Ozone Alert. Stay Indoors.

Polis: Center for Politics
4 min readMay 20, 2024

Karina Marinovich (PPS ‘24)

Karina Marinovich (PPS ‘24)

The Denver Brown Cloud is a spectacle of my hometown, earning itself the same level of notoriety as the Molly Brown House. However, this landmark looms over the entire city, an inescapable and ominous reminder of Denver’s increasingly dismal air quality. Denverites must unite and support policies and politicians that tackle our massive transportation emissions.

My AP Environmental Science teacher once assigned us to hike to the top of a hill in Roxborough Park, where there is a perfect vantage point– not of the beautiful Rocky Mountain horizon– but of an unsightly brown body of smoke hanging over distant skyscrapers. As I stood atop the overlook, I faced a dystopian scene. I was surrounded by majestic red rocks and

wildflowers, but they were contrasted by the dirty industrial haze polluting Colorado’s blue skies.

A body of brown smog hangs over Downtown Denver.

Denver is uniquely vulnerable to air pollution because it lies near the foothills, where cold, dense air blown from the Rocky Mountains traps the warm air underneath it. Under normal conditions, this warm city air should rise since it is less dense. However, due to atmospheric inversion, the cold sheet of mountain air lying atop Denver prevents the warm surface air and the pollutants it contains from rising and dispersing into the atmosphere. Denver is left with highly polluted surface air, distinguished by an unsightly brown color.

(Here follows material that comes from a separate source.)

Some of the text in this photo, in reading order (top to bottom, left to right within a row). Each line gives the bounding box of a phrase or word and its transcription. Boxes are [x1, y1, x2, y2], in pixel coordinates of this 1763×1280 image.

Last summer, I noticed an unusual warning on the highway. Signs like the image below are now commonplace on I-70, advising Denverites to stay inside due to dangerous ozone pollution levels. Stay inside? This instruction contradicts the very foundation of Denver culture. As Coloradans, we pride ourselves on our superior skiing mountains, unbeatable hiking destinations, and 300 reliable days of sunny blue skies per year.

A traffic sign alerts motorists of dangerous air conditions in Denver.

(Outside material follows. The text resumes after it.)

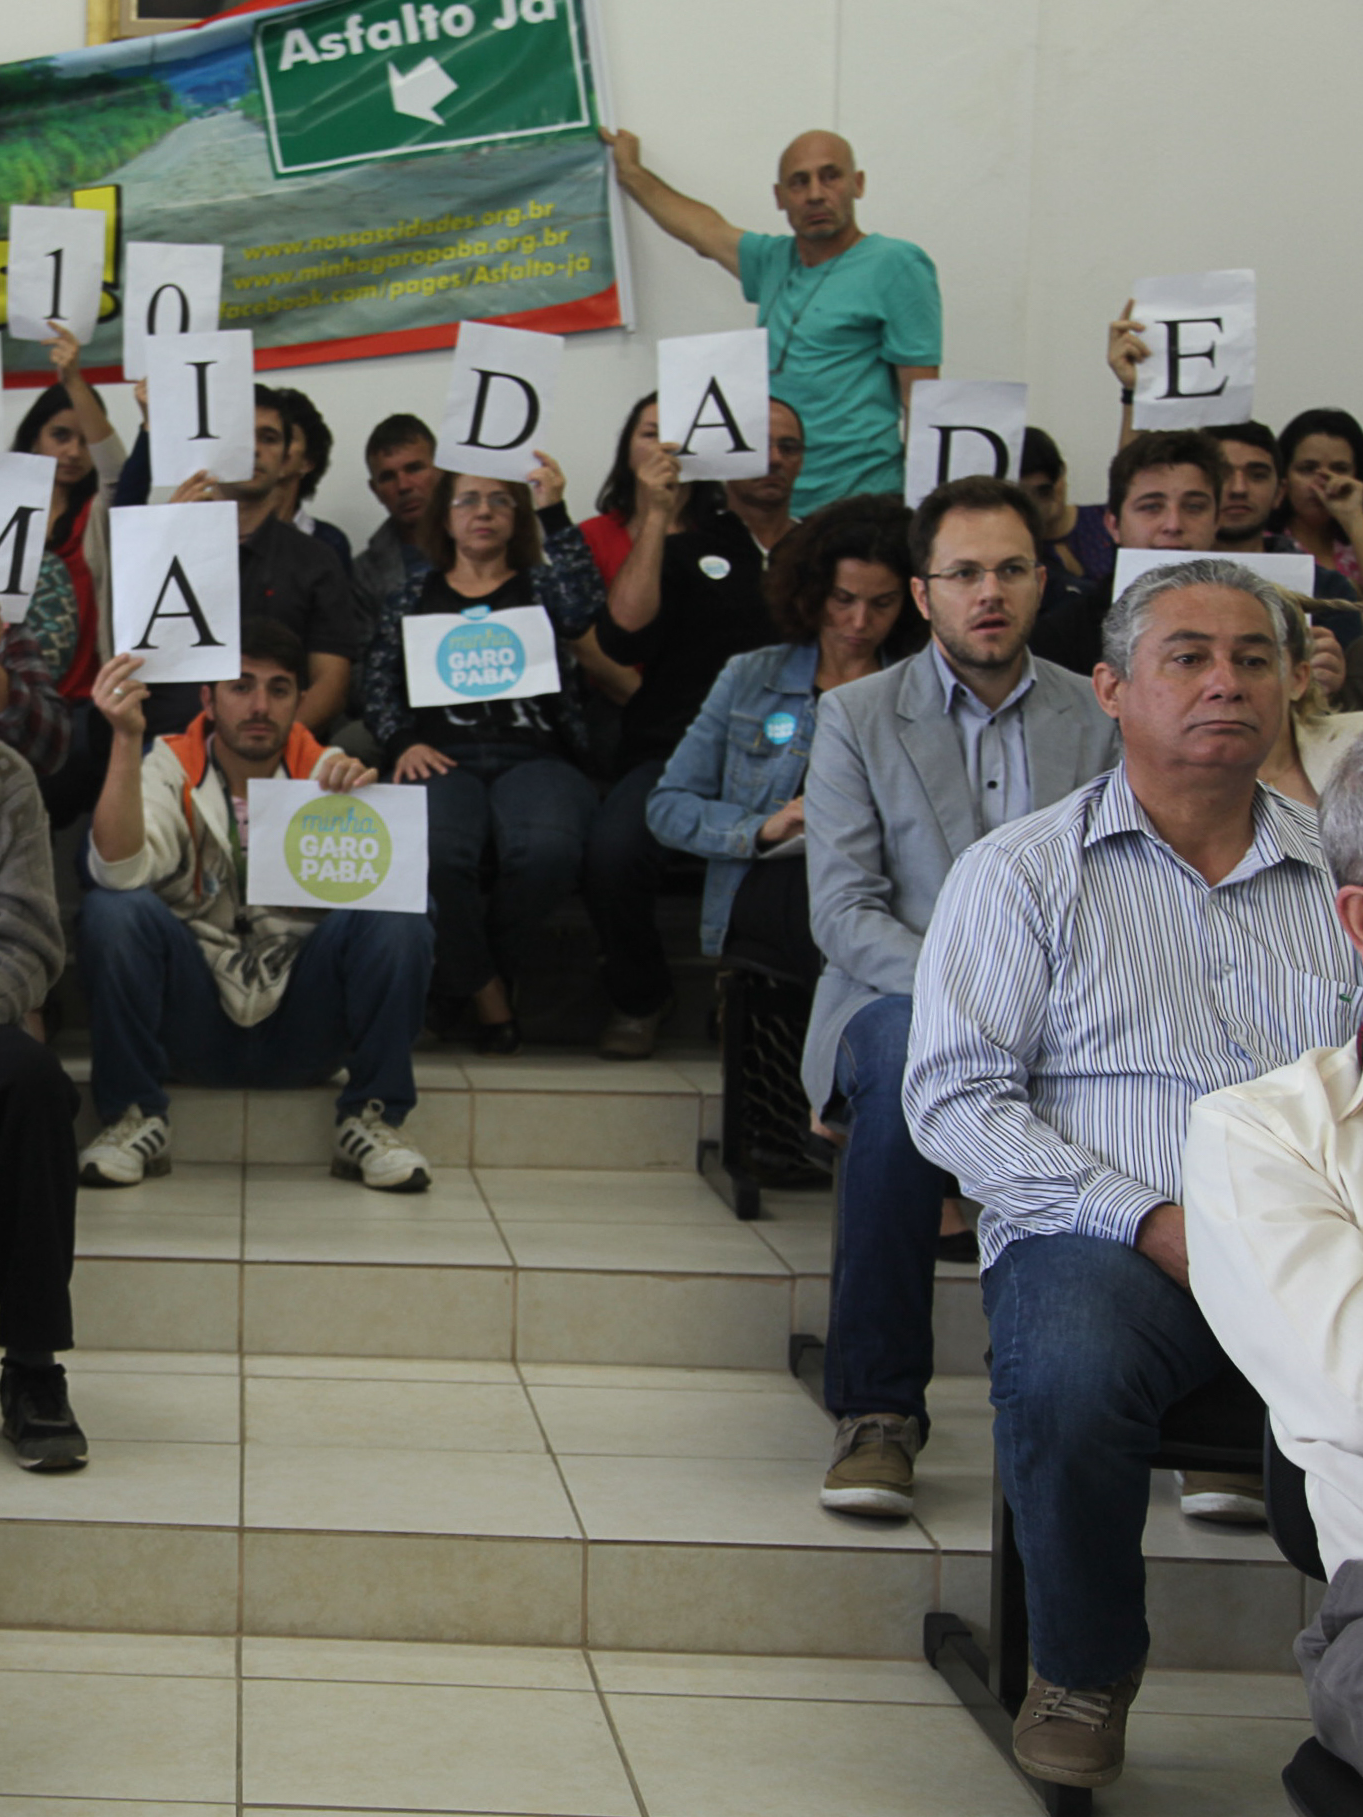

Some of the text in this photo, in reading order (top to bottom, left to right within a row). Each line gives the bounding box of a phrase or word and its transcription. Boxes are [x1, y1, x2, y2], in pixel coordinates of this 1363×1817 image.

During the summer before leaving for college, I could not ignore the suffocating smog as I attempted to continue exercising outdoors. Even my brothers’ baseball practices were getting canceled due to the imminent air quality. This is no surprise considering that in August 2021, Denver earned itself the title of worst air quality in the world, with a day of breathing outdoors equivalent to smoking 1.5 cigarettes per day.

Regardless of political affiliation, we all share a fear of losing parts of our outdoorsy culture, like teaching our future children how to ski. If you asked a Coloradan what people should do to save the environment, they would probably suggest composting, turning off lights, and all the other behaviors that were drilled into our heads in school. Lots of Coloradans commit to these green behaviors, and the ones who don’t often feel guilty. If you identify with the latter, I am here to reassure your morality. These actions certainly aren’t bad ideas, but their impact is relatively trivial.

Massive corporations distort the public perception of their incredulous emissions by painting a narrative that the typical consumer is responsible for climate change. Exxon and Shell propagandize that if we do not let the shower run, we can save the planet, while they emit millions of tons of carbon dioxide yearly. In fact, British Petroleum invented the carbon footprint concept and even published an online calculator for individuals’ carbon emissions in their daily lives. Only 100 fossil fuel companies are responsible for about 70% of the world’s greenhouse gas emissions.

Policy is the surest way to necessitate systemic change, and the good news is that we, as consumers and voters, have a voice. I encourage my fellow Coloradans to demand policy changes. According to urban planning expert Jill Locantore, we must start with expanding public transit options to reduce citywide gasoline consumption and emissions. Transportation currently is the leading source of carbon emissions in Colorado, so it is critical that we support politicians and legislation that steer us away from oil and gas reliance.

For example, the Denver City Council should follow Boulder’s lead and purchase a greater variety of routes and more consistent service from RTD buses. Furthermore, Colorado committed $65 million last year for transitioning from diesel to electric school buses. We should take this initiative to the next level and invest in the electrification of city buses.

This is all possible if we demand it. City council and mayor elections occur on June 6th. When voting, read the candidates’ energy and environment platforms. The website Open Secrets lists how much politicians receive in lobbying from Big Oil. If we unite in our opposition to big polluters, we can one day look up at a purely blue Coloradan sky.

Karina Marinovich is from Denver, CO and an Undergraduate at Duke University’s Sanford School of Public Policy. This piece was submitted as an op-ed in the Spring ‘23 PUBPOL 301 course. This content does not represent the official or unofficial views of the Sanford School, Polis, Duke University, or any entity or individual other than the author.